:: Supplied material ::
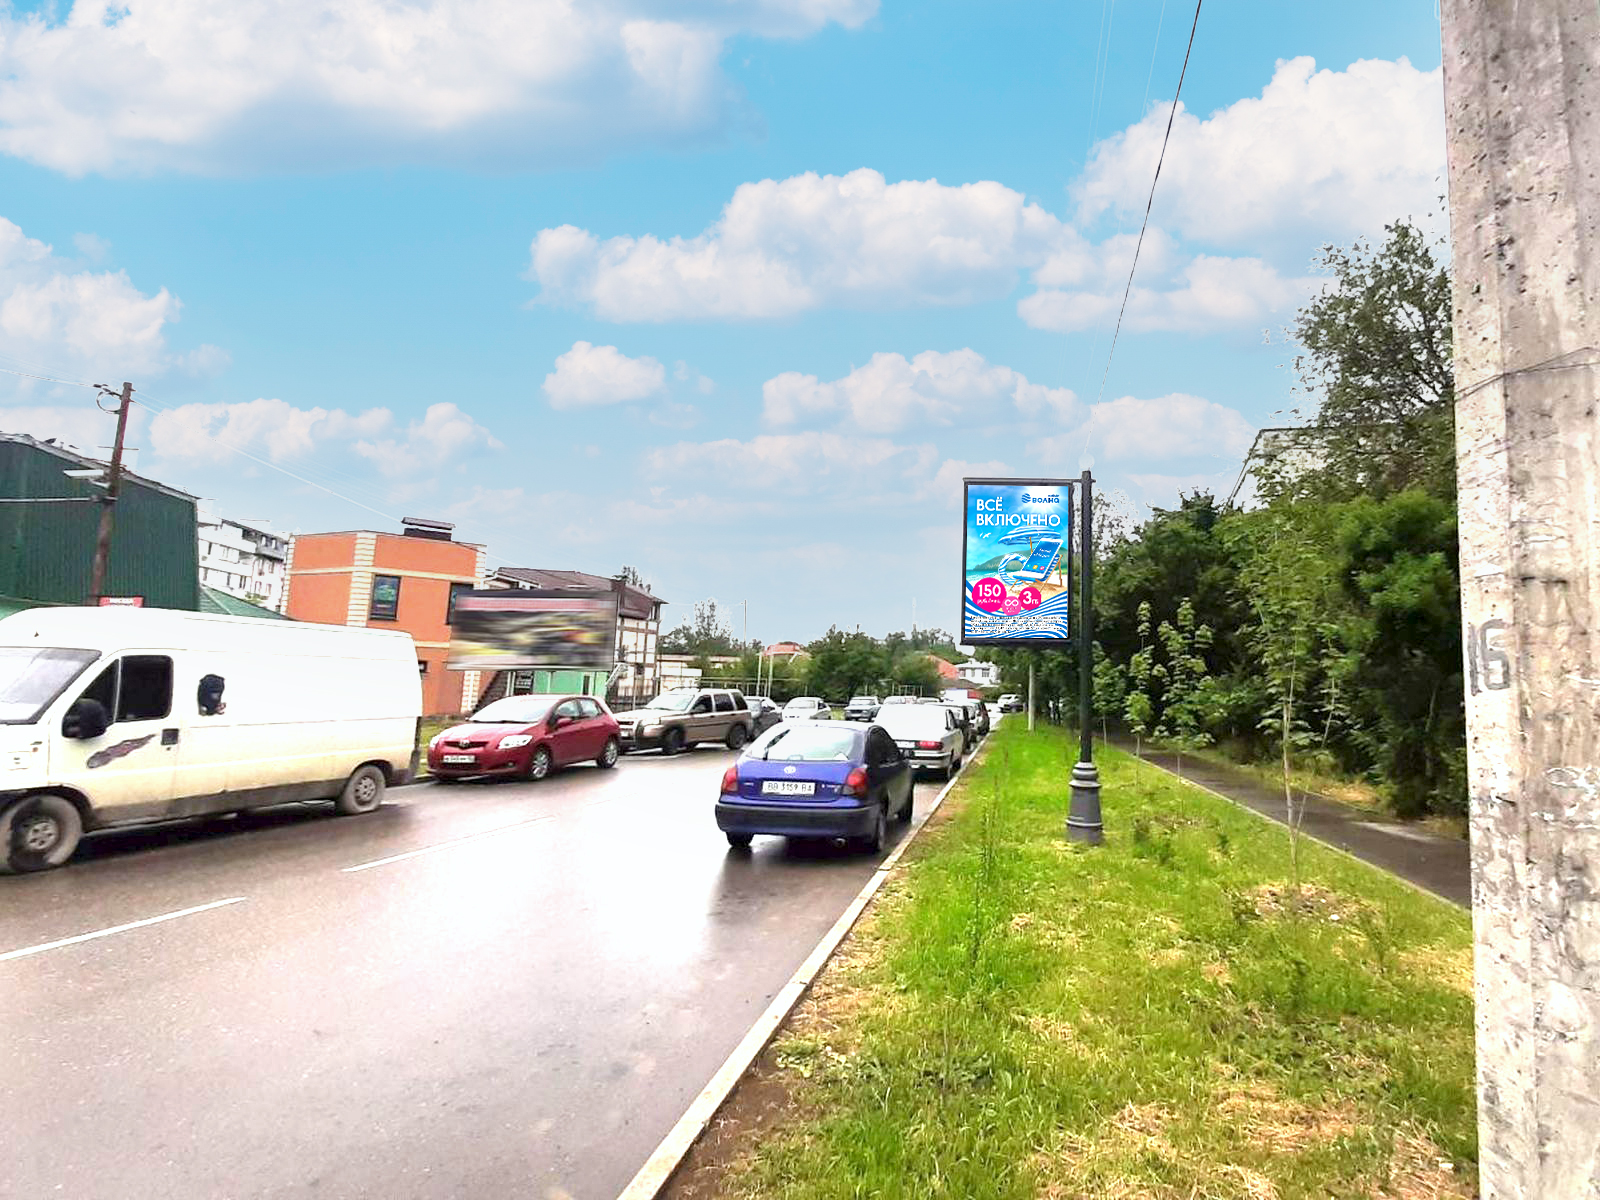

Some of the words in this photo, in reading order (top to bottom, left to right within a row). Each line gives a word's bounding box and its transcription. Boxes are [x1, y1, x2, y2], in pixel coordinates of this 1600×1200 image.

[976, 496, 1003, 511] ВСЁ
[976, 513, 1061, 526] ВКЛЮЧЕНО
[978, 584, 1001, 597] 150
[1467, 618, 1511, 696] 16
:::
What is needed
Type out the data above again exactly as written, minus the images.

The completed task
Some of the words in this photo, in reading order (top to bottom, left to right within a row). Each line gives a word's bounding box and its transcription. Boxes are [x1, y1, x2, y2], in pixel coordinates of this 1600×1200 image.

[976, 496, 1003, 511] ВСЁ
[976, 513, 1061, 526] ВКЛЮЧЕНО
[978, 584, 1001, 597] 150
[1467, 618, 1511, 696] 16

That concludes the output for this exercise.